ここは陣地の中にある一際大きいテントで、巨人への対処についての会議を行う場所でもあるそうだ。
そんな場所だけあって、円卓風の巨大なテーブルを囲むようにして椅子が並んでおり、その一つを勧められて俺も座っている。
セインとの再会の後、久しぶりに会ったのだし場所を変えて少し話したいとここへ誘われ、俺が知りたいこの地での諸々の経緯を教えてもらった。
飛空艇の方は陣地の中に停泊スペースを急ぎ作ってくれており、そこをそのまま先遣隊の宿営地として借りることにもなった。
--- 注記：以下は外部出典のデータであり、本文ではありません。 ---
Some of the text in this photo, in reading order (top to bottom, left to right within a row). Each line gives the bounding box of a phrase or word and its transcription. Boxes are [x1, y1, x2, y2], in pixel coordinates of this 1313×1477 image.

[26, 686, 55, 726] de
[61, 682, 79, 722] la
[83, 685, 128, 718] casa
アルベルトは自分達のテントを設営したらここへ来るとのこと。
「なるほど。突発的な戦いだったそうですが、見たところこの陣地には物資も人も十分なようです。よく巨人と戦いながらこれだけの陣地を築けましたね」
初戦では被害も大きかったが、それでもこうして陣地が構築できるくらいには上手く立ち回っている事実は、セインの手腕によるところも決して小さくないはずだ。
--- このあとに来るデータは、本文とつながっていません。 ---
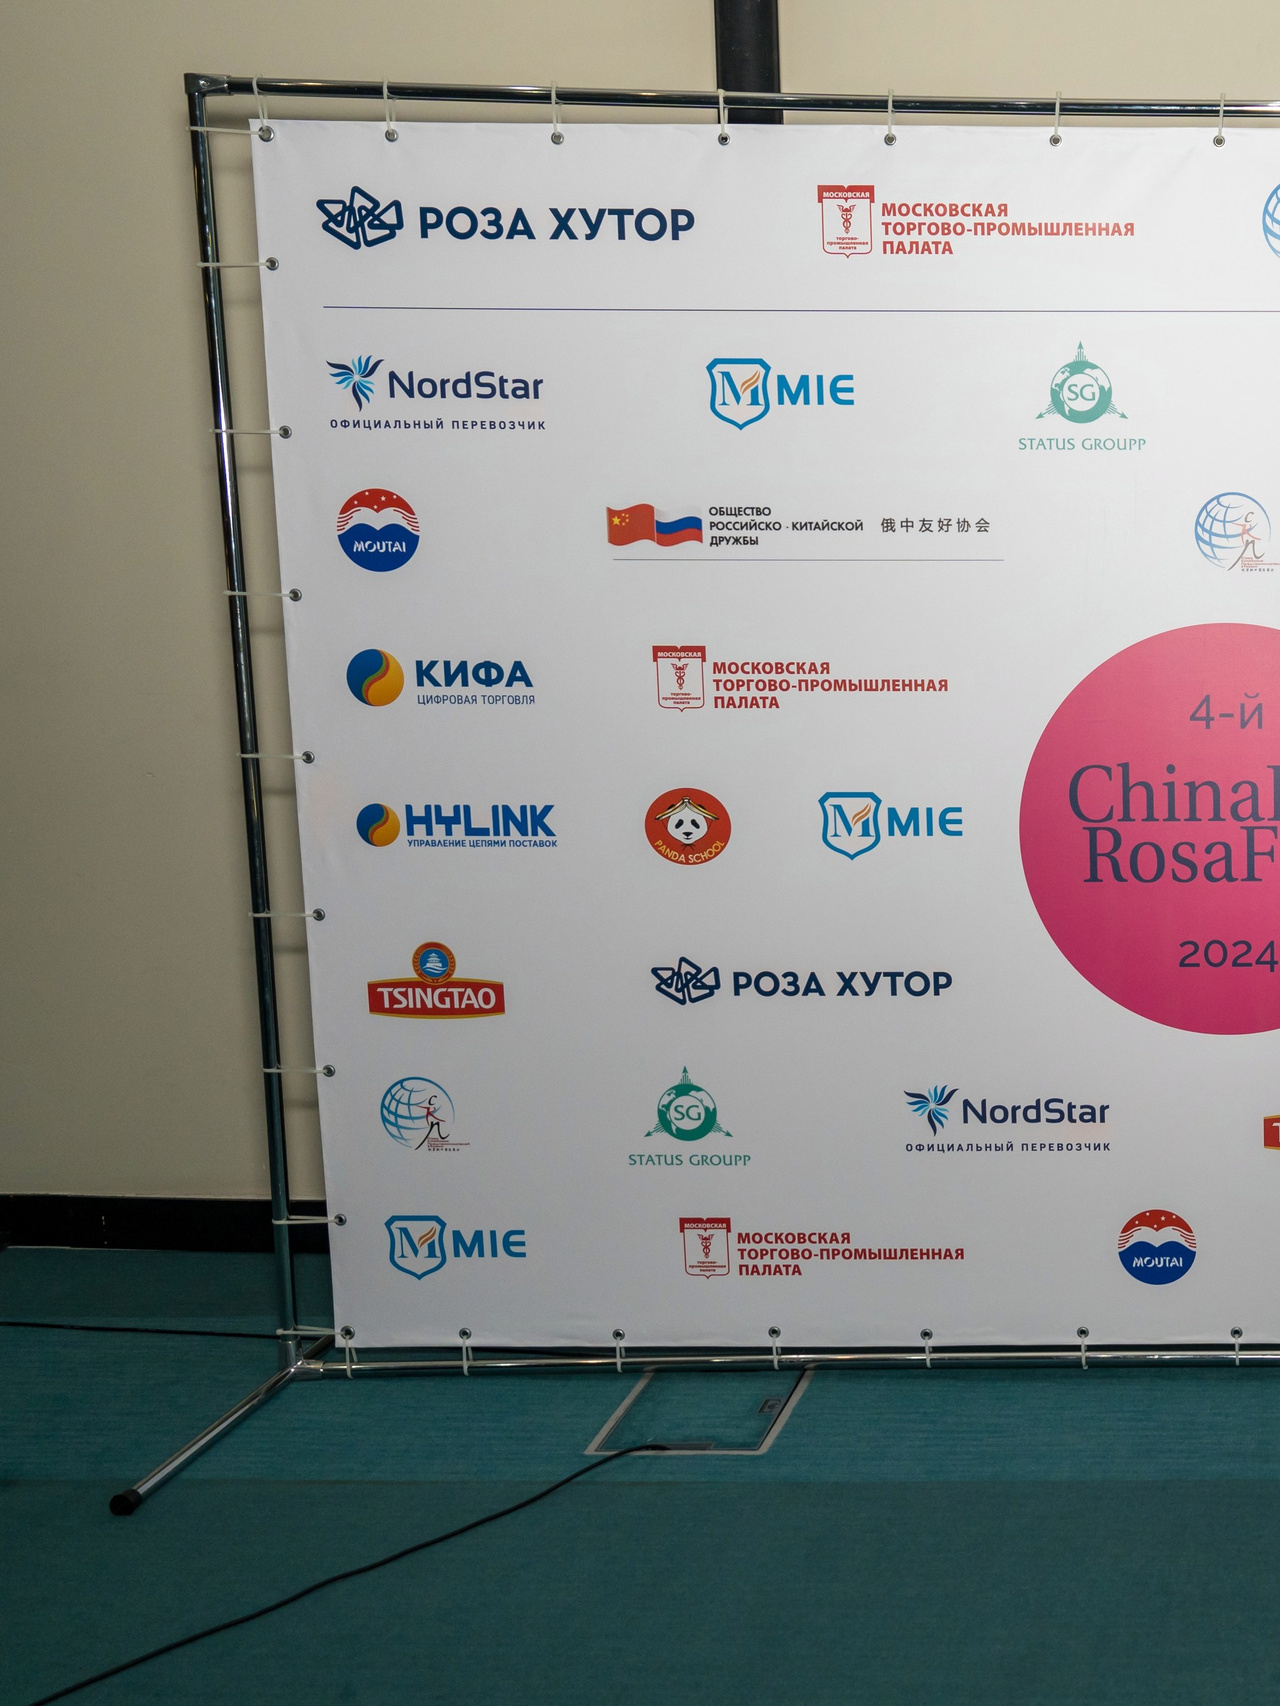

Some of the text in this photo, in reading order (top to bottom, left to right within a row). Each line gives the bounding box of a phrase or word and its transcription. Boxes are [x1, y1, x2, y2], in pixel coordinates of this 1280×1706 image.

[882, 203, 1007, 217] МОСКОВСКАЯ
[420, 206, 694, 241] РОЗА ХУТОР
[882, 222, 1134, 236] ТОРГОВО-ПРОМЫШЛЕННАЯ
[883, 241, 953, 254] ПАЛАТА
[389, 371, 543, 399] NordStar
[777, 375, 854, 405] MIE
[1066, 382, 1096, 402] SG
[330, 418, 545, 430] ОФИЦИАЛЬНЫЙ ПЕРЕВОЗЧИК
[1019, 438, 1146, 450] STATUS GROUPP
[709, 507, 771, 517] ОБЩЕСТВО
[710, 519, 781, 530] РОССИЙСКО
[792, 520, 863, 531] КИТАЙСКОЙ
[881, 518, 990, 532] 俄中友好协会
[354, 541, 405, 552] MOUTAI
[710, 536, 758, 547] ДРУЖБЫ
[416, 660, 533, 687] КИФА
[713, 662, 829, 674] МОСКОВСКАЯ
[713, 679, 947, 691] ТОРГОВО-ПРОМЫШЛЕННАЯ
[418, 695, 535, 705] ЦИФРОВАЯ ТОРГОВЛЯ
[714, 696, 779, 708] ПАЛАТА
[1190, 693, 1262, 729] 4-й
[405, 804, 556, 836] HYLINK
[888, 807, 962, 836] MIE
[469, 840, 506, 848] ЦЕПЯМИ
[654, 840, 725, 863] PANDA SCHOOL
[1179, 940, 1278, 972] 2024
[733, 971, 952, 997] РОЗА ХУТОР
[376, 987, 496, 1010] TSINGTAO
[674, 1102, 702, 1122] SG
[963, 1098, 1109, 1123] NordStar
[906, 1141, 1110, 1153] ОФИЦИАЛЬНЫЙ ПЕРЕВОЗЧИК
[629, 1154, 751, 1166] STATUS GROUPP
[452, 1230, 526, 1257] MIE
[738, 1233, 850, 1244] МОСКОВСКАЯ
[738, 1248, 964, 1260] ТОРГОВО-ПРОМЫШЛЕННАЯ
[1133, 1257, 1182, 1267] MOUTAI
[739, 1264, 802, 1275] ПАЛАТА
「そこは退避命令が迅速に出されたおかげね。元々地揺れの可能性を考えて撤収しやすい体制にもしてたのよ。もっとも、あの巨人が太陽の光がなければ動かないって突き止めてなければ、ここまでの物資は持ち出せなかったでしょうけど」
「あ、やっぱりあれってそういうことなんですね。それに気付いたのは誰だったんですか?」
「最初に気付いたのはガイバさんだったわね。その後、他の冒険者達にも確認させて断定したのよ」
そのよくわからない習性のおかげで、残存していた戦力でも、よそからの援軍がやって来るだけの時間を稼げたわけだ。
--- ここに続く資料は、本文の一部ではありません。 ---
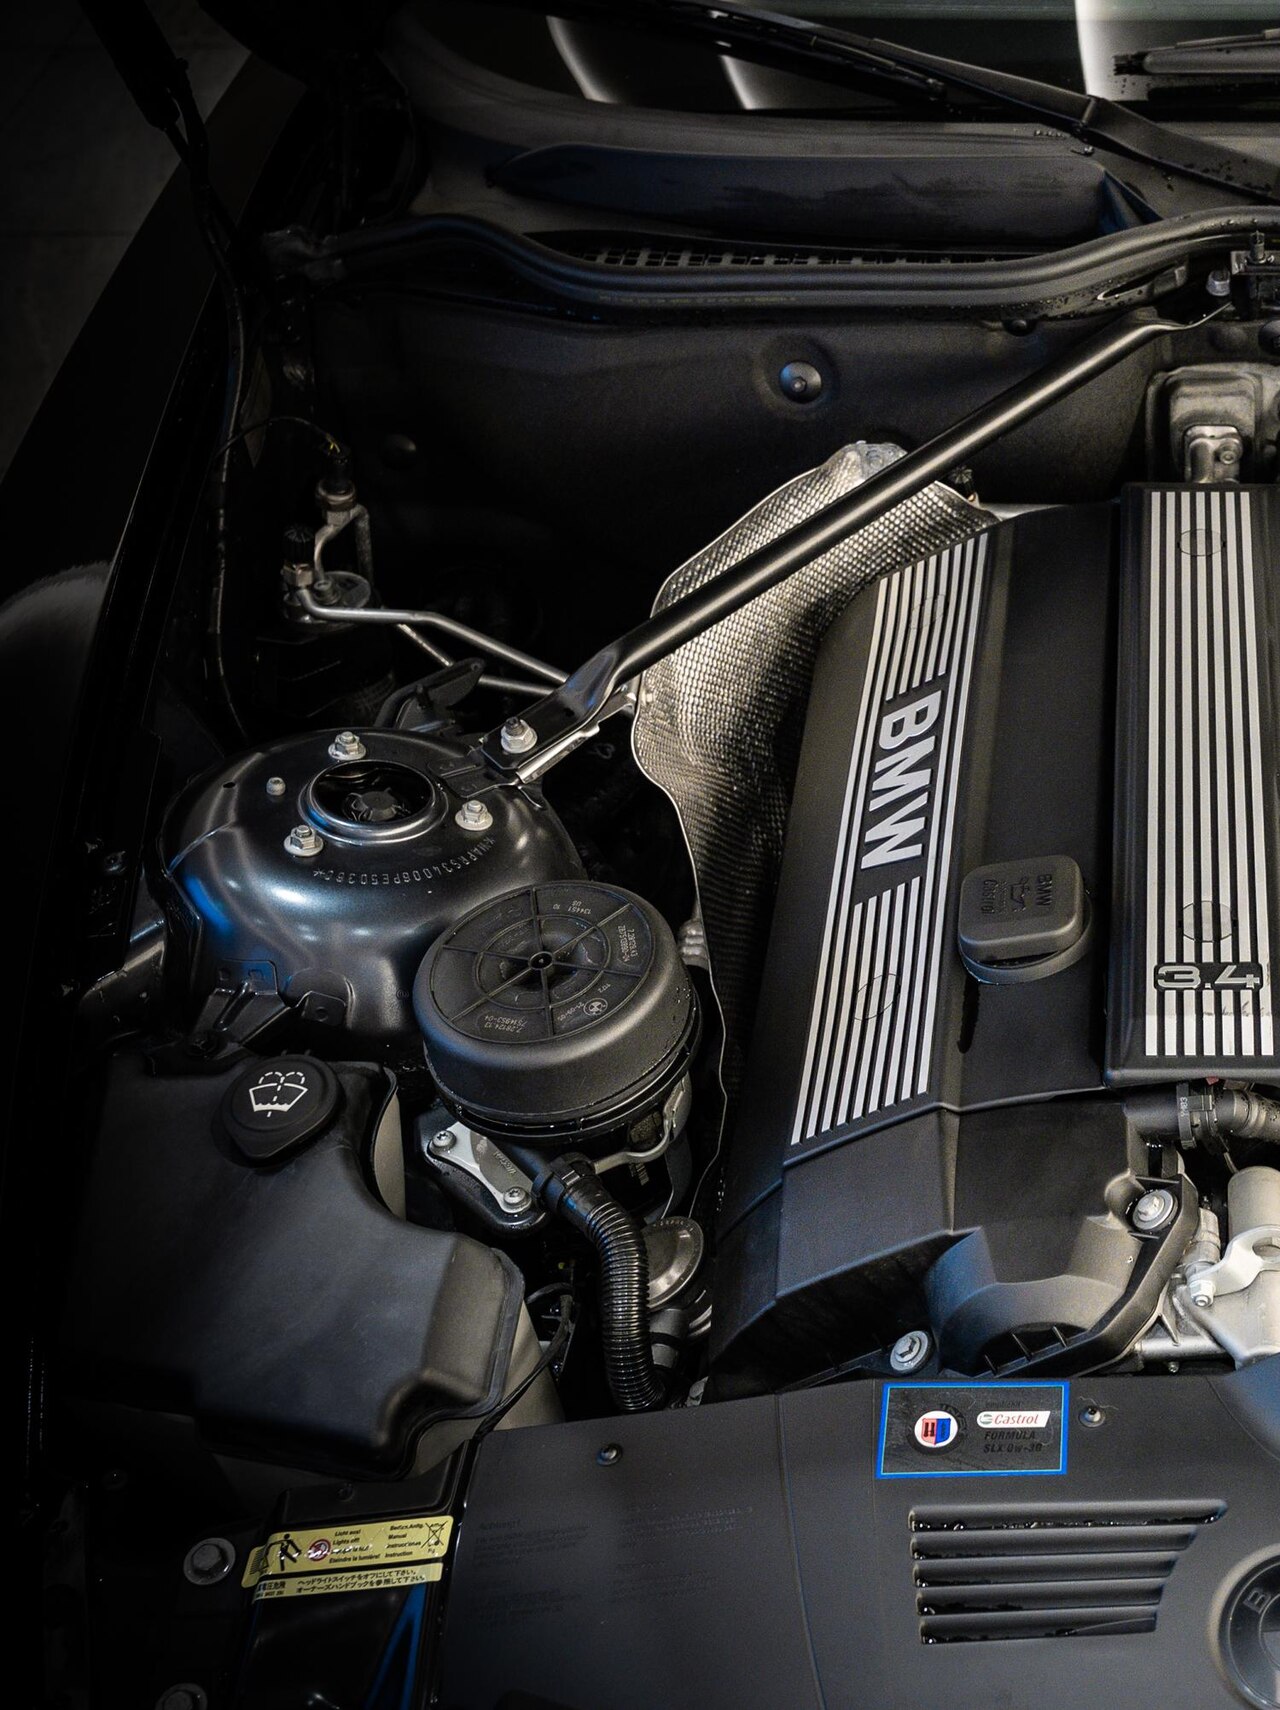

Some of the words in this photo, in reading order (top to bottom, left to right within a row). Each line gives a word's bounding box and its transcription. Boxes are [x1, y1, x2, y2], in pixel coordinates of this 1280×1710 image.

[861, 690, 942, 870] BMW
[1036, 873, 1053, 906] BMW
[1157, 964, 1260, 989] 3.4
[994, 1414, 1039, 1425] Castrol
[984, 1431, 1035, 1441] FORMULA
聞けばここ何日かは、分厚い雲で太陽が遮られた日が多かったそうで、それも巨人の進撃を妨げた一因だろう。
「なぜ太陽の光がなければ活動できないか、その理由については?」
「さあ?そこまでは」
光の精霊云々はグバトリア達がアシャドル側に開示するか決めるそうなので、その情報がセインにまで下りて来るかは分からないため、太陽光を活動エネルギーとしている説の裏付けとなるところまでは流石に思い至らないようだ。
「そういえば、そのガイバさんはどちらに?ここの陣地内にはいるんですよね?」
麓ではセインと並んで幅を利かせていたガイバが、飛空艇の登場にすっ飛んでこなかったのは不思議に思っていた。
他のことで忙しかったとしても、顔ぐらいは見せると思っていたのだがな。
「彼は今ここにはいないわ。ガイバさんは巨人迎撃の時に、部隊の指揮を執って前線にいたの。けど、部隊を後退させる際、運悪く…」
痛ましい表情をするセインに、その時ガイバの身に何があったのかを悟った。
責任者としては真っ当な為人のガイバなら、部隊の後退時に殿を務めるぐらいはしそうだ。
「…そうですか。惜しい人を亡くしましたね」
「え?彼、死んでないわよ?」
哀悼の意を口にした俺に、キョトンとした顔でセインがあっさりと否定してきた。
「え?いやでも、今運悪くって」
「そう、派手に転んじゃって、腰を痛めちゃったのよ。それで後方送りにね」
俺のしんみりを返して。
なんだ、てっきり『運悪く命を落とした』とかだと思ったのに、腰をやっただけかよ。
詳しく聞くと、元々デスクワークで体が鈍っていた所に、突然の戦闘指揮で体に無理がでて派手に転んでしまったそうだ。
命に別状はなく、しかし激しい運動は難しいということで、ここを離れて静養させることとなった。
「本人は這ってでも指揮を執ると言っていたけど、流石にそれはね。ただ、ここに陣地を構えてからはガイバさんを残すべきだったと後悔してるわ。私ひとりじゃ全く手が足りないもの」
文官としては有能なセインだが、その下に着く人間すべてが有能であるとは限らず、人材不足に悩んでいるようだ。
考えてみれば、ガイバは聖鈴騎士でありながら商人ギルドでもそこそこ偉い地位にいる。
他国にまで派遣されるあたり、彼個人の能力の高さがうかがい知れるが、セインが嘆くほどに今この地ではガイバクラスの指揮官が不足しているのかもしれない。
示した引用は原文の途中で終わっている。